Threat modeling is a powerful strategy for pinpointing your organization’s cybersecurity risks and possible attacks, helping protect your IT environment, and offering solutions for different scenarios. In particular, the TRIKE model is an open-source threat modeling methodology that helps organizations identify and prioritize potential security risks and vulnerabilities and develop strategies to mitigate or manage them.
But what is the TRIKE threat model, exactly, and what are the benefits of TRIKE threat modeling? This article dives deep into threat modeling, the TRIKE threat model, and its advantages.
The Five Stages of Threat Modeling
Threat modeling should be a part of the IT strategy of any security-conscious organization. By performing risk management and mapping the relationships between different assets and systems, threat modeling helps businesses seize control of their IT environment.
Threat modeling is generally divided into five stages:
- Identifying assets and defining requirements: First, companies evaluate the importance and priorities of their IT assets. Just like you might protect certain personal possessions in a safe or behind a lock and key, organizations need to determine which of their IT assets require greater protection. In this stage, businesses also decide which user roles should be able to access critical assets.
- Creating diagrams: Next, organizations build abstractions of their IT environment, helping visualize the attack surface that needs to be protected. These diagrams might depict the major components of an IT system, the relationships and interactions between them, and even the user roles that have access to them.
- Identifying threats and risks: Companies should identify the IT threats and risks they face and the attackers who might be responsible. Potential attack methods include infiltrating networks, exploiting insider threats and software vulnerabilities, and even using physical attacks to hack into hardware. Then, organizations should develop policies to bolster security and decrease the likelihood of an attack (such as tightening access control, strengthening passwords, and employee training programs)

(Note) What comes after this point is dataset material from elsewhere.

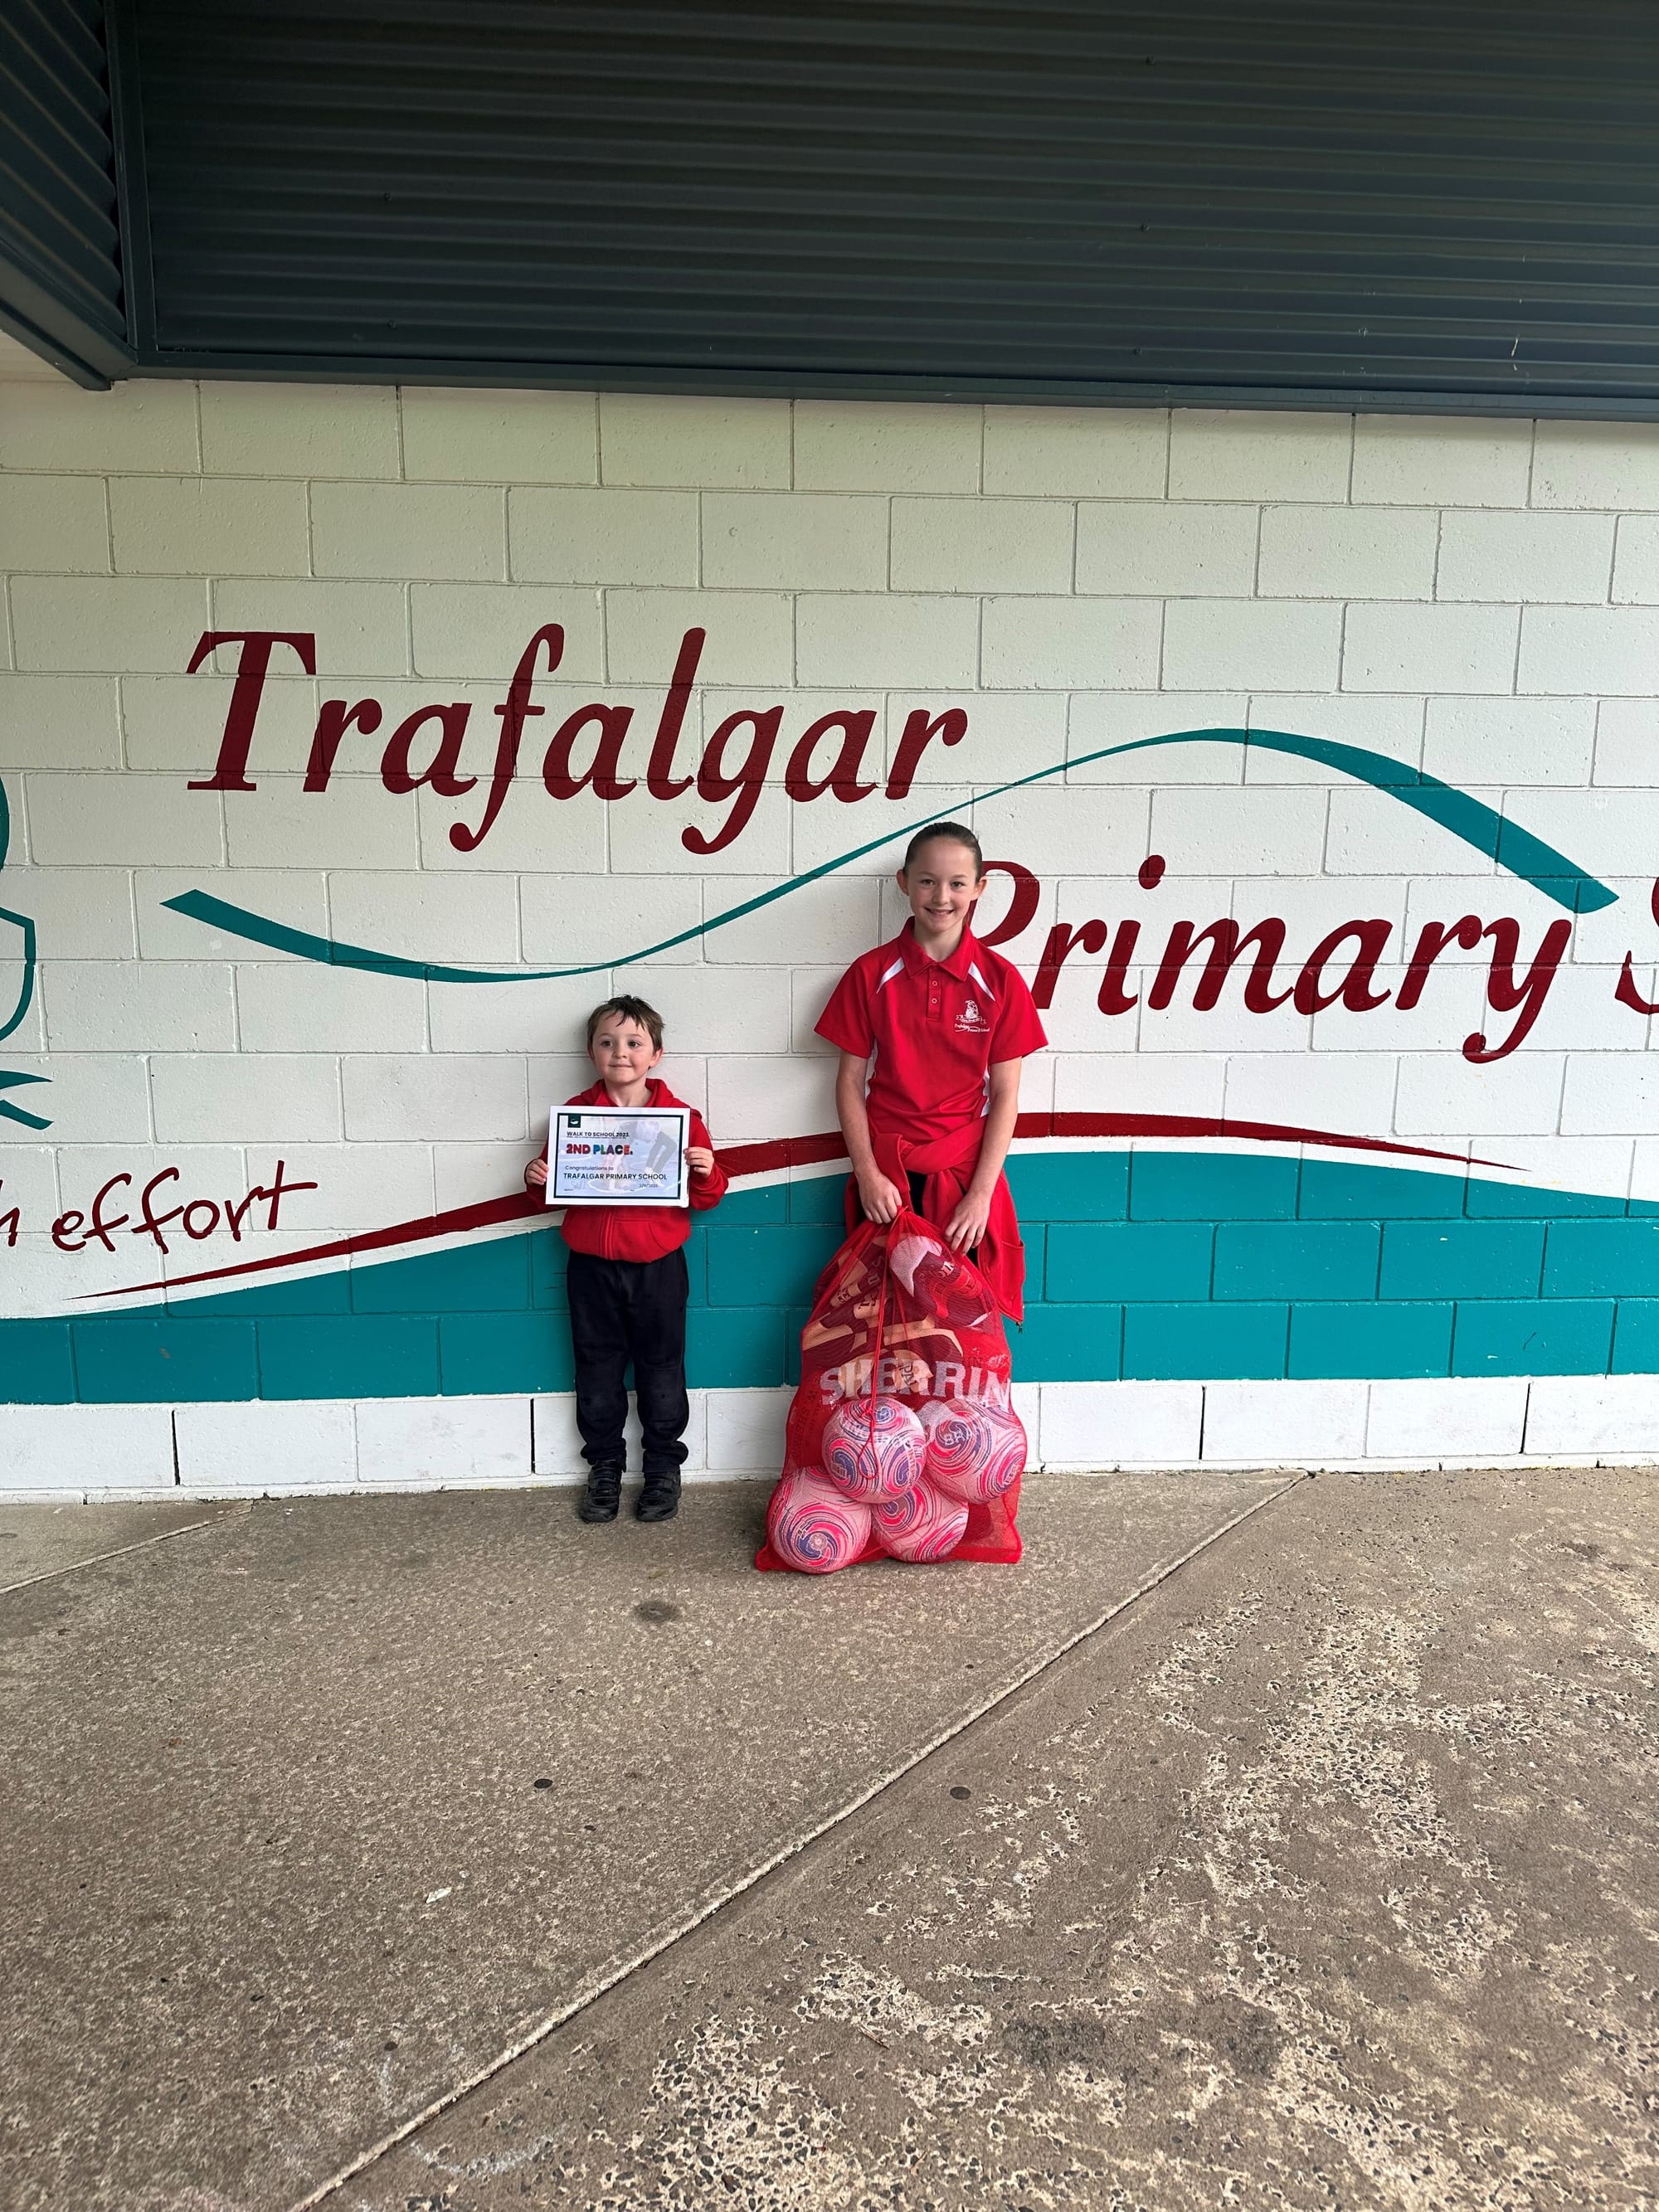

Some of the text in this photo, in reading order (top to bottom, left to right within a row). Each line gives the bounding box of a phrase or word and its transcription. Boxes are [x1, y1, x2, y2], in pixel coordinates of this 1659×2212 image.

- Mitigating threats: Once a plan of action has been created, the fourth stage of threat modeling involves executing that plan and mitigating security threats. Threat modeling provides a list of priorities, enabling organizations to triage their IT security issues by first addressing the most critical risks and vulnerabilities.
- Validating the model: Finally, businesses can assess the effectiveness of their threat modeling efforts with frameworks such as the Common Vulnerability Scoring System (First, 2019). Organizations should revise their threat modeling approach regularly as the cyberthreat landscape evolves, dealing with new risks as they arise.
TRIKE Model Explained
Cybersecurity threats have surged in recent years pushing businesses to revamp their security policies and techniques to safeguard organizational data.
To understand how to best deploy these technologies, however, organizations need threat modeling techniques such as TRIKE. The TRIKE model is a conceptual framework for auditing IT security through the lens of risk management (Trike, 2008). First created by security developers Brenda Larcom and Eleanor Saitta, the TRIKE model is open source, allowing anyone interested in cybersecurity to contribute to the project.
The TRIKE model is just one of the possible threat models that businesses can use, many of them with snappy acronyms such as STRIDE, VAST, PASTA, and OCTAVE. What sets the TRIKE model apart from these threat models is that it combines two different models.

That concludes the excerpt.